*** Records provided ***

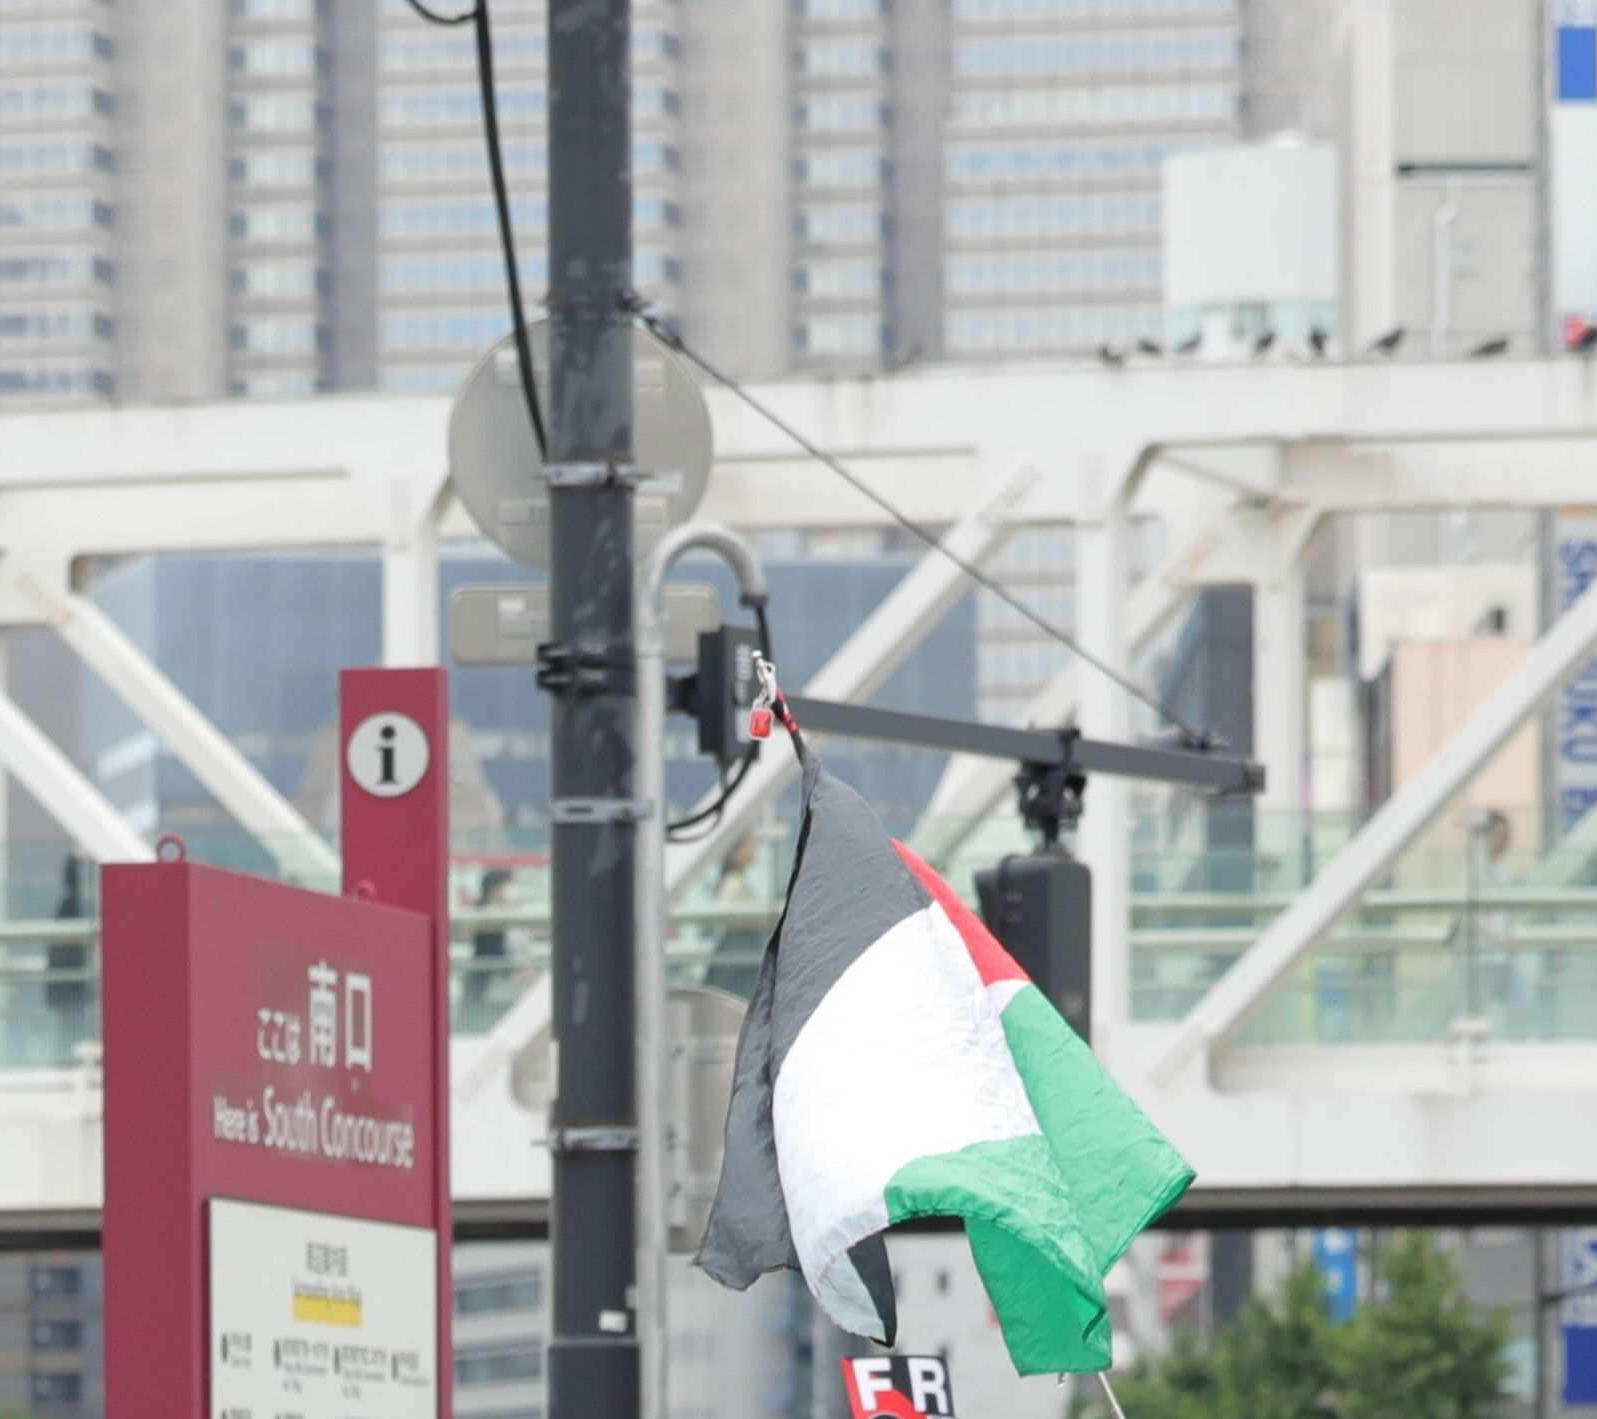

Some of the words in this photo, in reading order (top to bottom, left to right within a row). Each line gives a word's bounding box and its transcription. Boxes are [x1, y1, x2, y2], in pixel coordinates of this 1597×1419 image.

[256, 1007, 301, 1065] ここは
[307, 958, 374, 1075] 南口
[212, 1094, 244, 1142] Here
[244, 1102, 260, 1146] is
[261, 1085, 316, 1151] South
[318, 1098, 415, 1171] Concourse
[852, 1356, 949, 1414] FR
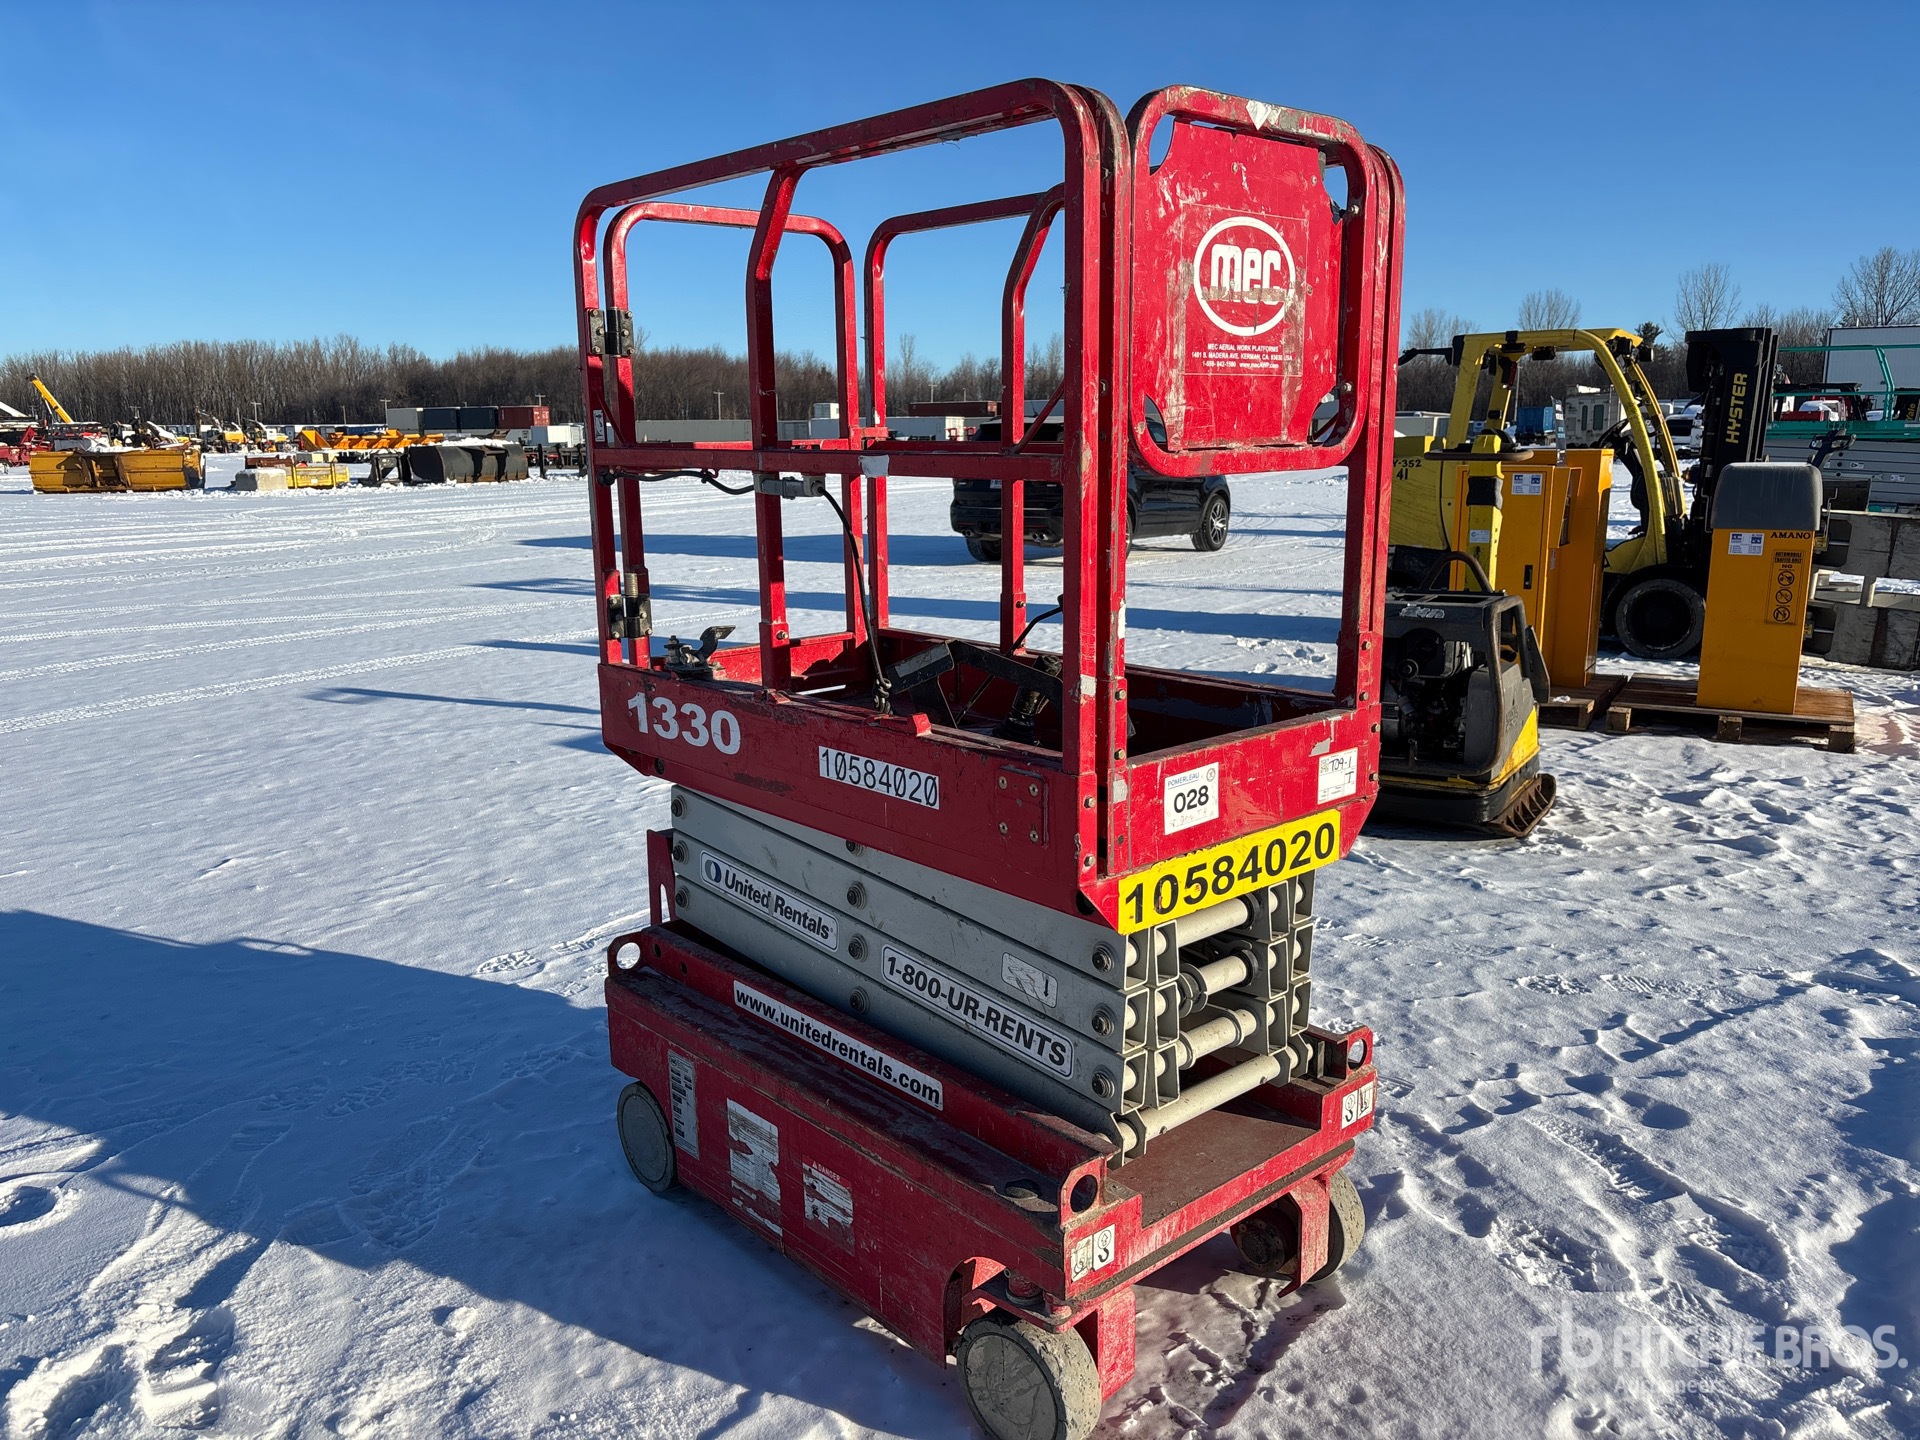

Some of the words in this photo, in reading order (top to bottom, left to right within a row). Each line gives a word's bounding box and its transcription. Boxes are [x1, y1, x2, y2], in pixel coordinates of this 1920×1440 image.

[1219, 343, 1236, 351] AERIAL
[1236, 344, 1251, 352] WORK
[1725, 372, 1748, 444] HYSTER
[1396, 468, 1408, 480] 41
[1770, 532, 1811, 540] AMANO
[627, 691, 742, 756] 1330
[820, 748, 940, 808] 10584020
[1167, 772, 1200, 787] POMERLEAU
[1173, 785, 1209, 814] 028
[1125, 822, 1335, 925] 10584020
[724, 867, 770, 908] United
[773, 892, 831, 941] Rentals
[886, 955, 1067, 1068] 1-800-UR-RENTS
[736, 990, 941, 1107] www.unitedrentals.com
[817, 1163, 841, 1183] DANGER

*** End of Records provided ***

Omit the pictures and restate the rest of the records verbatim.

Some of the words in this photo, in reading order (top to bottom, left to right within a row). Each line gives a word's bounding box and its transcription. Boxes are [x1, y1, x2, y2], in pixel coordinates of this 1597×1419 image.

[256, 1007, 301, 1065] ここは
[307, 958, 374, 1075] 南口
[212, 1094, 244, 1142] Here
[244, 1102, 260, 1146] is
[261, 1085, 316, 1151] South
[318, 1098, 415, 1171] Concourse
[852, 1356, 949, 1414] FR

Some of the words in this photo, in reading order (top to bottom, left to right within a row). Each line gives a word's bounding box and its transcription. Boxes are [x1, y1, x2, y2], in pixel coordinates of this 1920×1440 image.

[1219, 343, 1236, 351] AERIAL
[1236, 344, 1251, 352] WORK
[1725, 372, 1748, 444] HYSTER
[1396, 468, 1408, 480] 41
[1770, 532, 1811, 540] AMANO
[627, 691, 742, 756] 1330
[820, 748, 940, 808] 10584020
[1167, 772, 1200, 787] POMERLEAU
[1173, 785, 1209, 814] 028
[1125, 822, 1335, 925] 10584020
[724, 867, 770, 908] United
[773, 892, 831, 941] Rentals
[886, 955, 1067, 1068] 1-800-UR-RENTS
[736, 990, 941, 1107] www.unitedrentals.com
[817, 1163, 841, 1183] DANGER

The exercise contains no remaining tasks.